Column (1) shows that including location fixed effects do not change our basic inference. In column (2) location × sector fixed effects are included to control for the effect of unobserved local benefits for certain industries. To control for local business cycles, in column (3) location × year fixed effects, while in column (4) firm × year fixed effects are included. Note that as firm dimension defines both location and sector dimensions, column (4) implicitly controls for these cross-terms as well. Results do not change the previous findings.

In addition, to the alternative hypotheses I also check for the possibility that a firm moves into a location where it expects that adopting a specific machine will be easier.
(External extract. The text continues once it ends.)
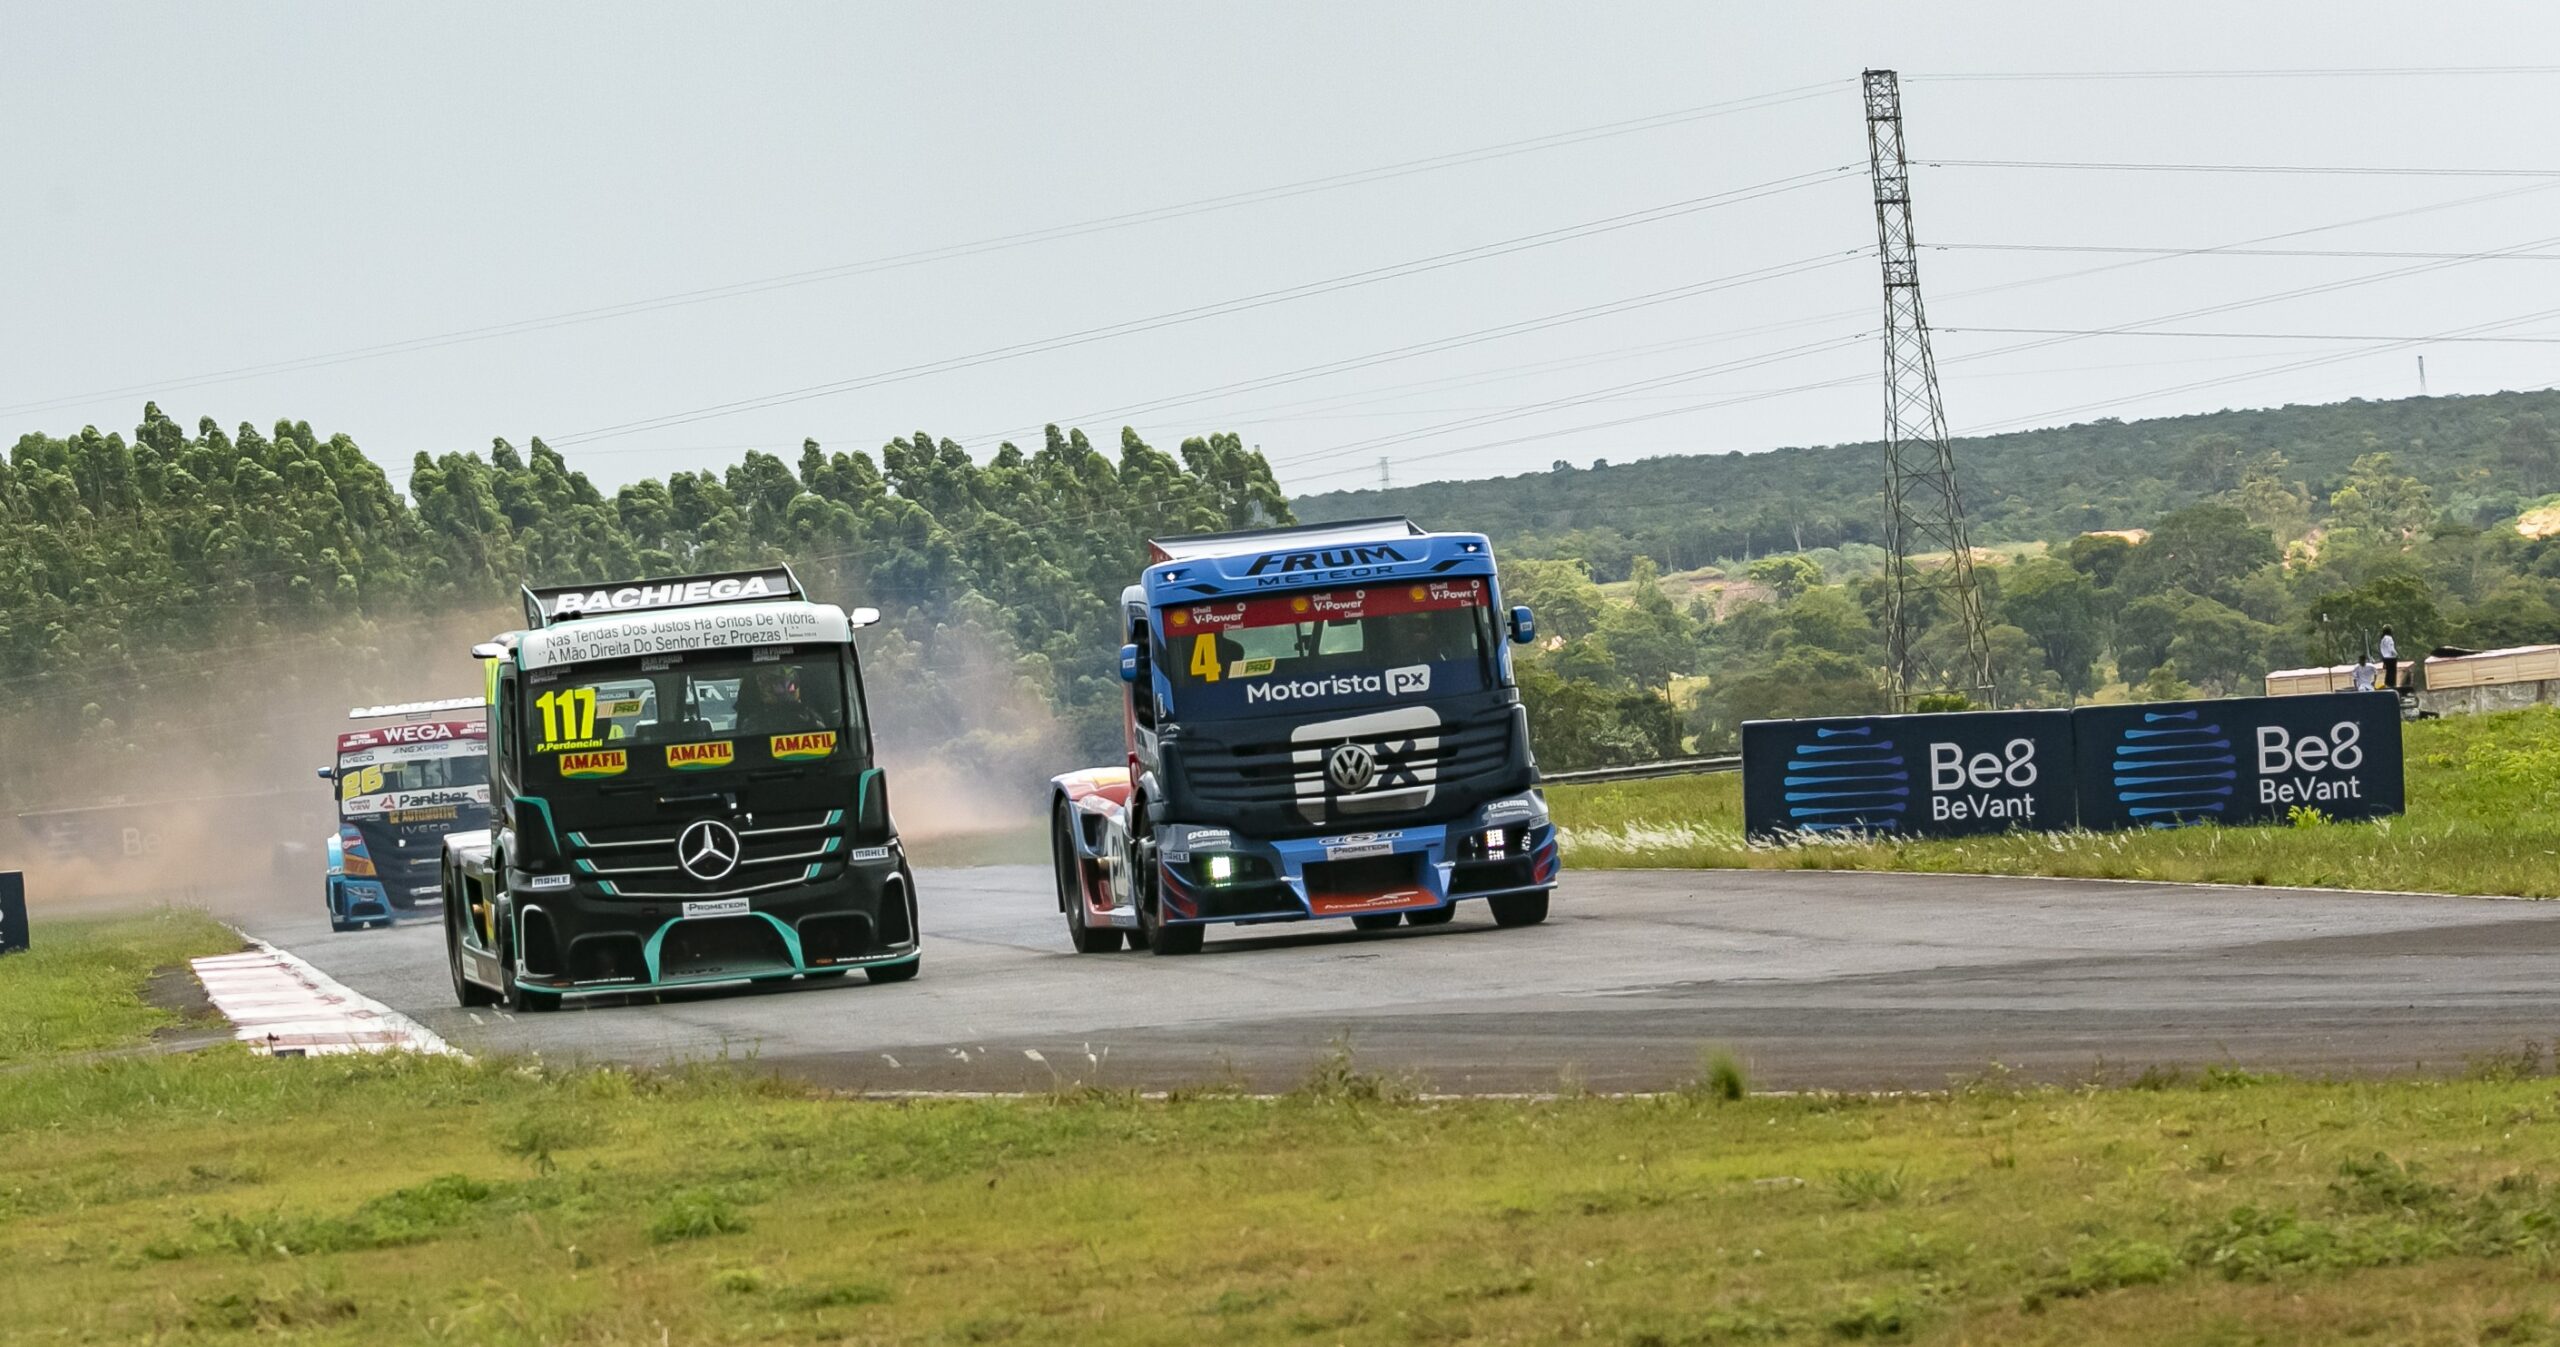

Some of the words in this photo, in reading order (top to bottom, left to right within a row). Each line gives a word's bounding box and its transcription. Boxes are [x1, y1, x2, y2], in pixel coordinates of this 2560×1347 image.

In order to control for this possibility I re-run the last regression of Table 4.7 on subsample of firms established before the year our sample starts. This avoids self-selection into a location that, in the post-transition era, is abundant of future importers of m. Table D.4 collects regressions on subsamples that contain firms started business before 1992, 1990 or 1988. I find positive significant correlation between firms’ capital import propensity and the presence of past importers for pre-transition firms too.